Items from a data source
+ + +

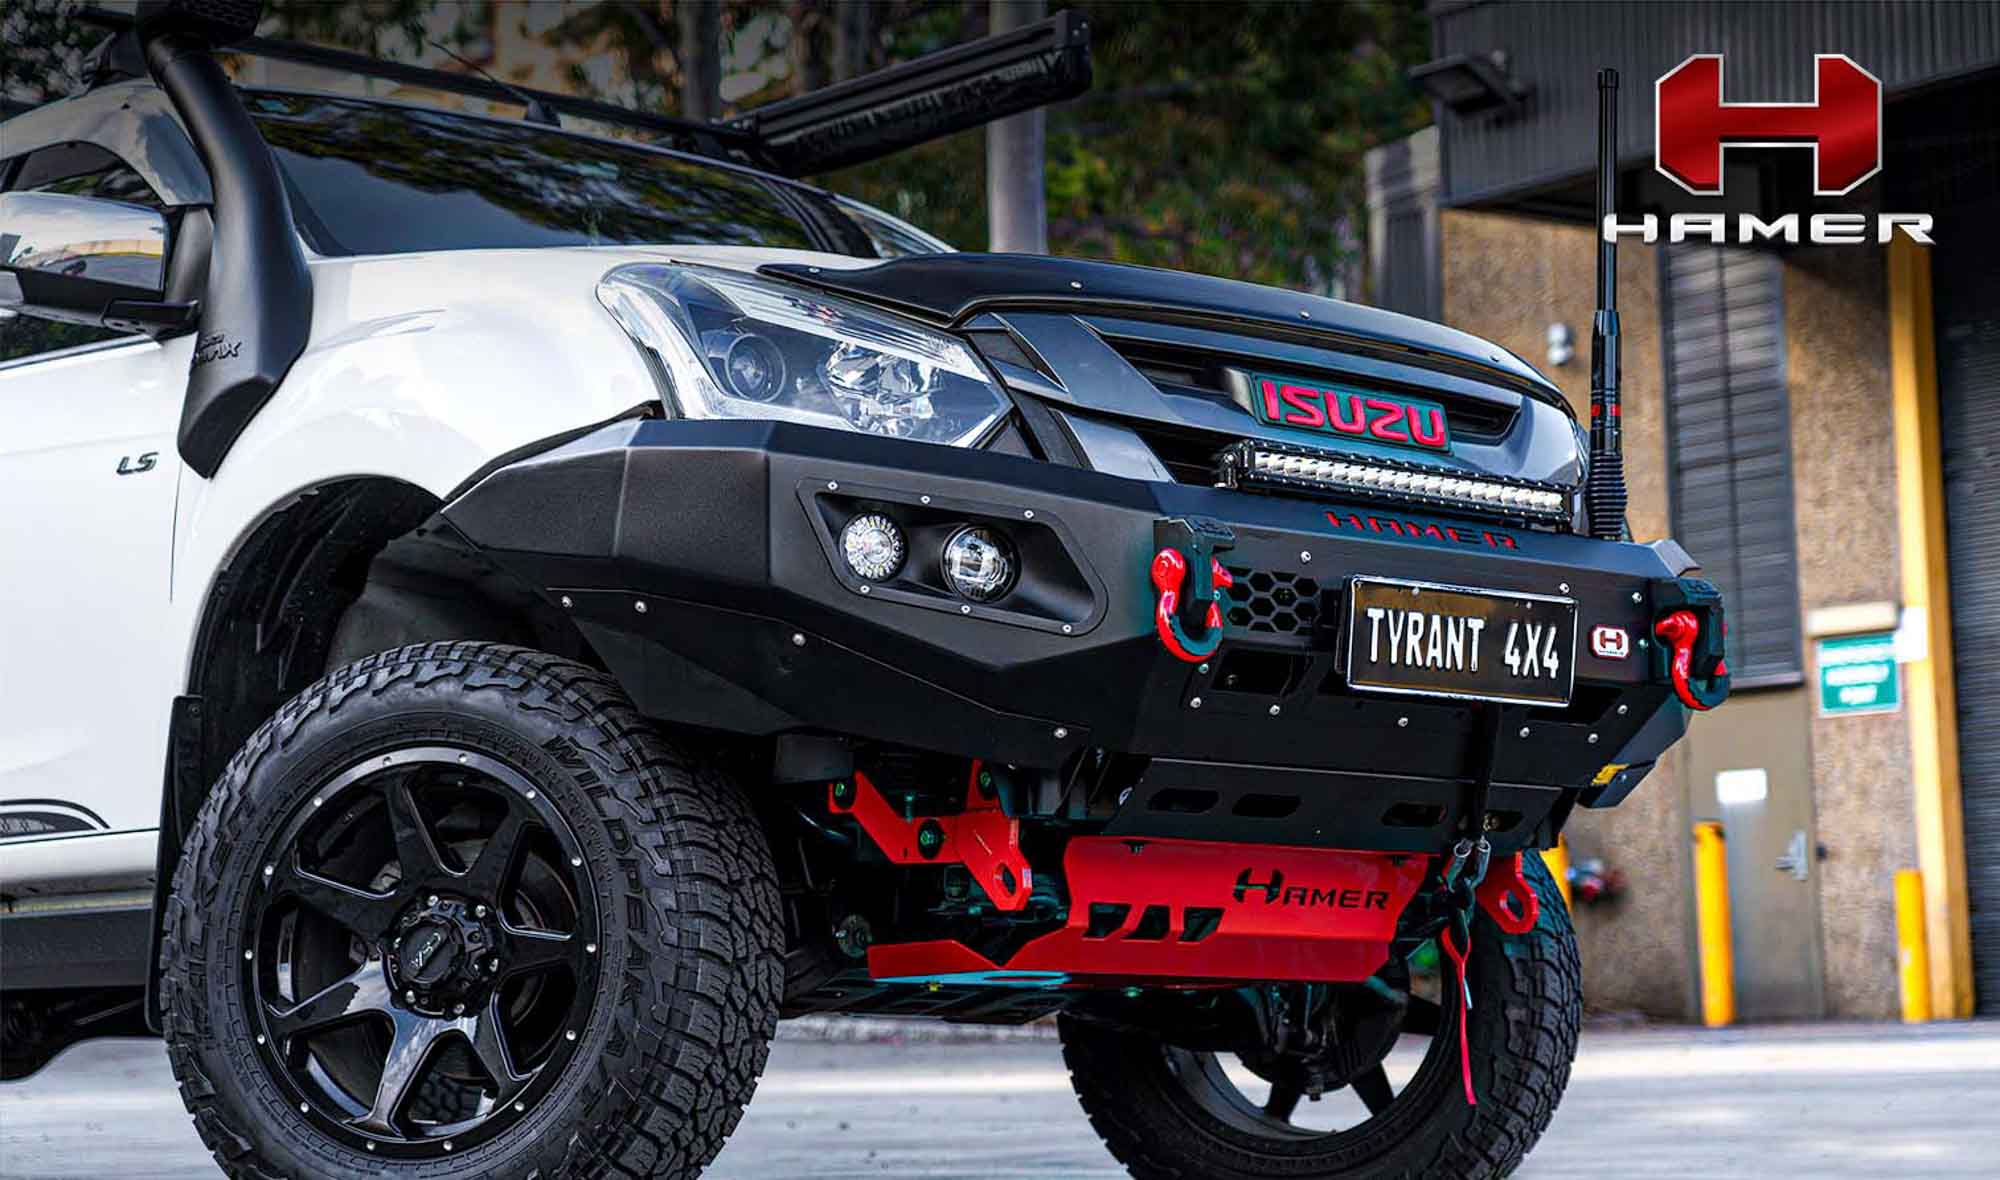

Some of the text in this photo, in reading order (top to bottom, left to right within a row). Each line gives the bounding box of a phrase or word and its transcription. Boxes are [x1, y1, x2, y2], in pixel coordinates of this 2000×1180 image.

[1262, 379, 1446, 447] ISUZU
[116, 451, 159, 475] LS
[1325, 511, 1520, 550] HAMER
[1367, 608, 1560, 680] TYRANT 4X4
[1232, 866, 1389, 910] HAMER

+ + +

WORK INSTRUCTION
Retype the whole of the data verbatim. Skip every picture.

RESPONSE AREA
Some of the text in this photo, in reading order (top to bottom, left to right within a row). Each line gives the bounding box of a phrase or word and its transcription. Boxes are [x1, y1, x2, y2], in pixel coordinates of this 2000×1180 image.

[1262, 379, 1446, 447] ISUZU
[116, 451, 159, 475] LS
[1325, 511, 1520, 550] HAMER
[1367, 608, 1560, 680] TYRANT 4X4
[1232, 866, 1389, 910] HAMER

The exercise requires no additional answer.